I WANT A CAKE POP!!!!!

cake pop picture "I WANT A CAKE POP!!!" His voice was downright shrill, and seemed to reverberate throughout the store (or maybe it was just reverberating in my head?). It started innocently enough, I can assure you. A trip to Target, the promise of a cake pop for best listeners and cooperators. But you never really know, do you, when things are going to go off the rails, as they so clearly did that day. Let's start at the beginning, shall we? 

Sometimes I bribe my kids with sugar. There, I said it. Maybe bribe is too strong a word? Periodically, when I REALLY need the day to go smoothly, I will enthusiastically tell my children that if they're the very best listeners and cooperate extremely well, I will get them a (insert sugar-laden item here). The most successful incentive thus far is a cake-pop from Starbucks. Those sugary treats were once only reserved for the days that they (oh the horror) got shots. A cake-pop from Starbucks will make the sting of a D-TAP disappear in the time it takes to open the door and see those sweet treats in the display case. And since there just happens to be a Starbucks at the hospital/clinic where we receive nearly all our medical care, well, for the parent having just endured 20 minutes of two children screaming (the anticipation of a shot is roughly 27 times worse than the actual shot itself) it seems a sign from above that, at least in this instance, the ingestion of so much sugar is understandable. Eventually, the cake-pop transformed from a treat on shot days to "the ultimate treat." If you earned a cake pop, it was a good day, and that's where we find ourselves in this story. Mama needed a good day. 
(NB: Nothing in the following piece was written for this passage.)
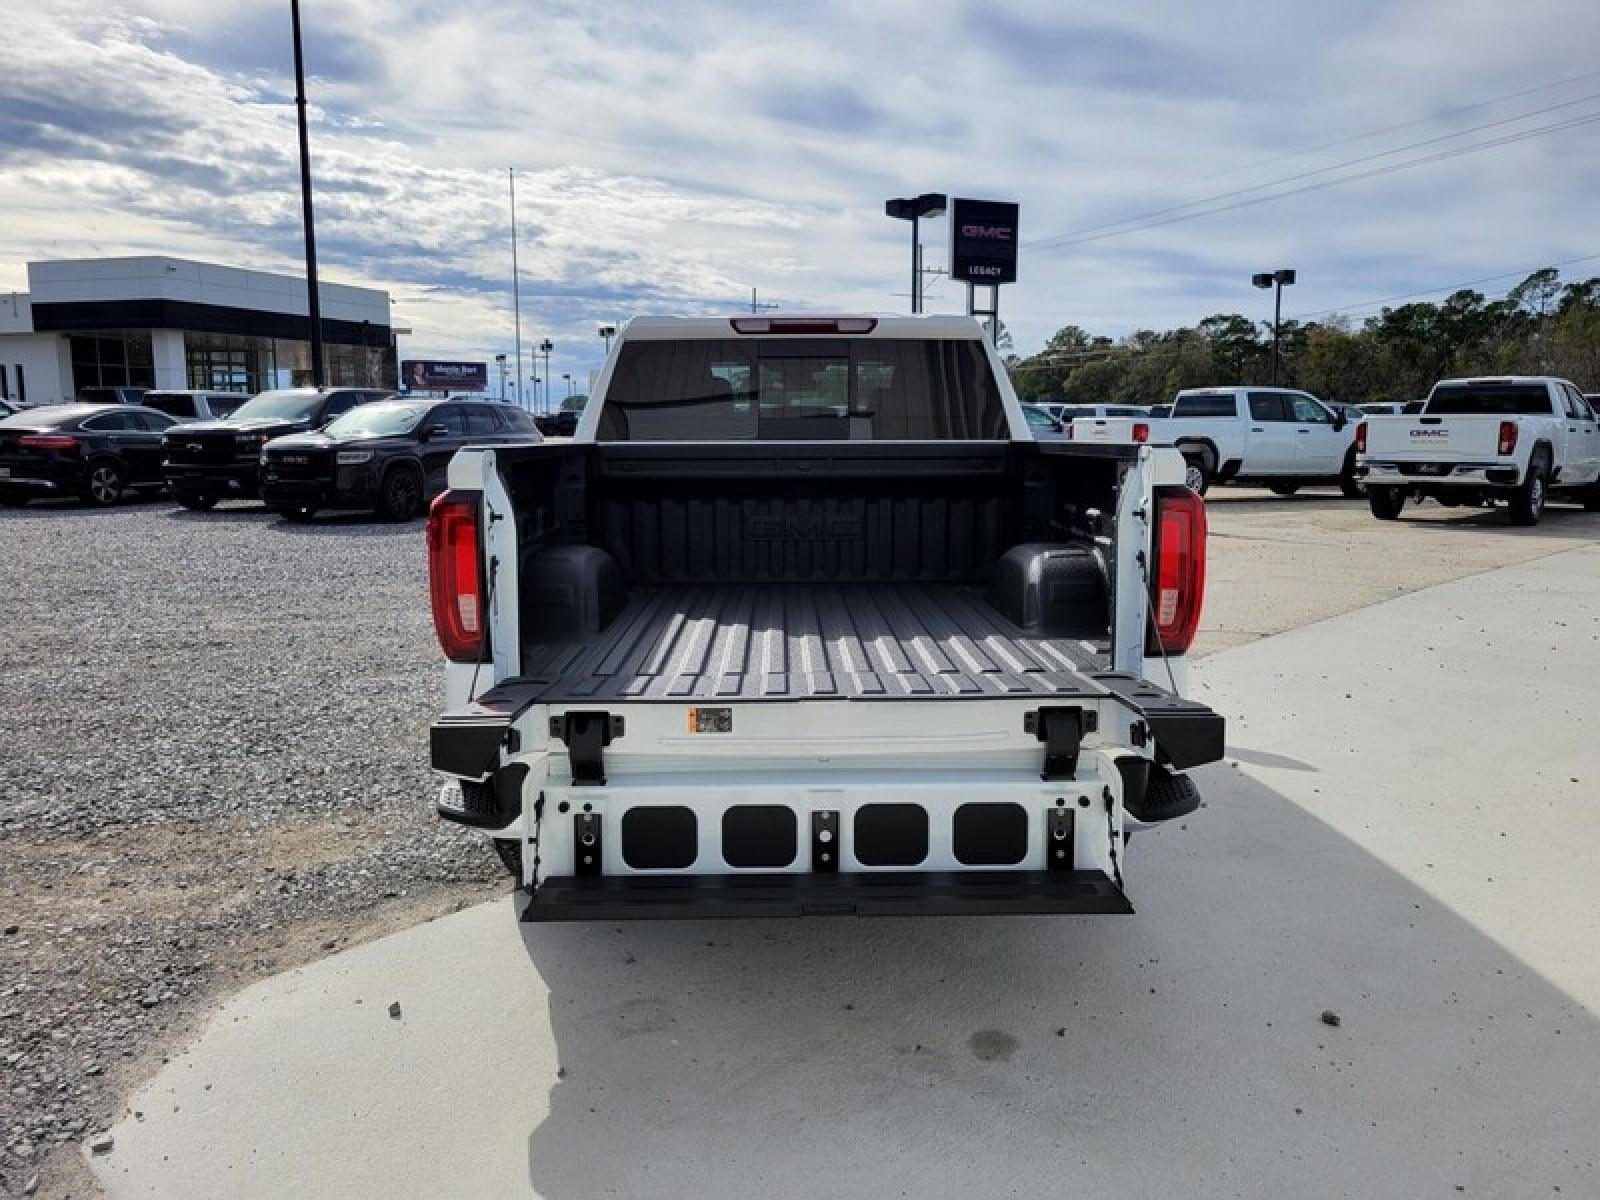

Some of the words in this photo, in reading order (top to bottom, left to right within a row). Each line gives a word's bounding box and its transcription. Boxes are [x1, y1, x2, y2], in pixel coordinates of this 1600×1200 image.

Let me set the stage a little by saying that I don't have a lot of experience with public tantrums. I can't remember my daughter ever having had one, but my son has had exactly three now, and they are all burned in my memory, if for no other reason than the shock elicited by each of the three. The first was when he was almost 2, at the zoo in Columbia, SC. We were near the elephant enclosure and he wanted an ice cream, to which we said no (actually, what we said was that we would love to get some ice cream, after the zoo). He literally stopped and looked around, seeming to deliberately survey his options, before carefully getting down on his stomach and flailing his arms and legs while screaming that he wanted an ice cream. It was so comical and surprising that lovingly acknowledging his feelings ("I can see you're upset that mommy said we have to wait to get an ice cream.") and helping him relax ("Let's take a deep breath together to help us calm down.") were easy tasks. 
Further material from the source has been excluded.